Alabama Independent School Association officials have announced plans to allow high school teams to resume on-campus conditioning drills beginning June 1.
The Alabama High School Athletic Association announced tentative plans earlier in the week to resume on June 8.
Gov. Kay Ivey and the state Department of Public Health are expected to issue updated health guidelines on Friday, which should provide updated guidelines.
“They can resume conditioning activities on June 1,” AISA executive director Michael McLendon said. “We’re fine-tuning a guidelines document to assist them in developing their own policies that are in accordance with the CDC, the Alabama Department of Public Health and all other safety guidelines.”
Mandatory summer practices are prohibited but weightlifting, conditioning, individual skill development and workouts will be left to the discretion of the local schools in compliance with Department of Education and Department of Public Health guidelines. Summer competition such as seven-on-seven camps for football and tournaments for basketball are canceled for AHSAA schools but there is some hope among AISA officials that they may be held later this summer among their schools.
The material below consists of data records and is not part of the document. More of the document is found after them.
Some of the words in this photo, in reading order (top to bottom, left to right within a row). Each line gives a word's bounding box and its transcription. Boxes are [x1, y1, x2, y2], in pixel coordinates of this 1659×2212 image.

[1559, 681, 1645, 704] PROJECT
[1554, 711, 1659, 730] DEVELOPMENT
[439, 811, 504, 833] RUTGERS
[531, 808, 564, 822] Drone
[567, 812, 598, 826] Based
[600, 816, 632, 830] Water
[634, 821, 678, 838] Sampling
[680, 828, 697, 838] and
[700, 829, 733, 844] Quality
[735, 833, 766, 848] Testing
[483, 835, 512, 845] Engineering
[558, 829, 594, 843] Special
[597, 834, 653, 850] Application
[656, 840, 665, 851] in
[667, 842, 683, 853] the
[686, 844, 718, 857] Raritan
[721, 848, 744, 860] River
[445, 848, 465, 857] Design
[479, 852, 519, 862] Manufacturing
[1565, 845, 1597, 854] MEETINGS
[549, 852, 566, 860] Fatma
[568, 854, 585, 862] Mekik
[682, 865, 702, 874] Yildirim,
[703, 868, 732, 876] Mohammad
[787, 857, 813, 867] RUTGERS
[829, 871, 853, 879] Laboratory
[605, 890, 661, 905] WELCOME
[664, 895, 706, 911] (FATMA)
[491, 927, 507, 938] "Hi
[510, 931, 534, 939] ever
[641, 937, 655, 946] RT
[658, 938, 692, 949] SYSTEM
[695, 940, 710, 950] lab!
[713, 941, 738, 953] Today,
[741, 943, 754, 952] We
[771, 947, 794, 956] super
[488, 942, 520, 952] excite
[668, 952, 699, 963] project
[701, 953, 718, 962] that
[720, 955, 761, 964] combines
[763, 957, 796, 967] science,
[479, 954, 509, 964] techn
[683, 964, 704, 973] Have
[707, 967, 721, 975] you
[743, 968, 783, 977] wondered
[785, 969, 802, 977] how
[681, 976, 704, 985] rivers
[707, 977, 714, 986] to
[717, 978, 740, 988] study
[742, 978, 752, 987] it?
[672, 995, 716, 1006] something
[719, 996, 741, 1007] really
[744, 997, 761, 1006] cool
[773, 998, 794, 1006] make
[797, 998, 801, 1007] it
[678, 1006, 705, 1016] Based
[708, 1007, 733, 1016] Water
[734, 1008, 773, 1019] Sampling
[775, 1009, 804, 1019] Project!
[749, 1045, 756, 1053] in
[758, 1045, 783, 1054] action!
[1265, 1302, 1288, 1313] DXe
“We postponed indefinitely the team-type activities – team camps, seven-on-seven, play dates and those sorts of activities,” McLendon said. “They’re not officially canceled but they’re postponed until we have more guidance.
“Even if we get to the point where we can do that, it’ll be, obviously, a small group because our schools typically compete against public schools and out-of-state schools. There’s a broader competition pool for seven-on-seven during the summer, typically.”
McLendon and AISA athletic director Roddie Beck sent out guidelines to all schools, urging them to formulate a plan in writing before resuming athletic activities.
“We’re going to sit down on Monday and come up with a written plan on what we’re going to do,” Macon East Academy football coach Glynn Lott said. “We’ve talked about it, but we haven’t written down anything. We’ll probably go outside and do most of our stuff out there. Being able to go in the weight room will be tough.”
Generally by this time, coaches have mapped out a summer plan that features several trips to universities and larger schools to compete in seven-on-seven drills, but the stoppage of play on March 13 by the coronavirus pandemic has left many football coaches uncertain of their next move.
“I’ve always had things planned out, a summer calendar plan,” Autauga Academy coach Bobby Carr said. “I haven’t even made it out because I’m waiting on the go-ahead. Obviously, it disrupts us all but we’re all in the same boat. The good thing is, most of my guys are working on their own. I think we’ll go back to work on June 8, but I don’t have it planned out yet.”
The opening of football practice for AISA schools has not changed from its originally scheduled date of July 27.
“Right now, we’re staying the course and not making any plans to shift the season,” McLendon said.
AISA coaches gather in April after classifications have been announced and plan schedules in all sports other than football. Because of the pandemic, that gathering was changed to the annual coaches’ convention in late May, then shifted again to mid-June when the convention was canceled.
Another switch made by the organization is the cancelation of the annual cheerleader clinic on June 24-27 in Troy.
“It’s the first time it’s been canceled,” McLendon said. “It’s a huge event. You’re talking about 500 student-athletes at one event, thousands of people coming to watch them compete, along with all-star tryouts for seniors. We pivoted from a group cheer camp to schools hosting home camps. Assuming that social distancing restrictions are lifted later in the summer, then they would have those camps and we’ll have a competition in the fall at some point. At that competition, we would also do all-star tryouts.”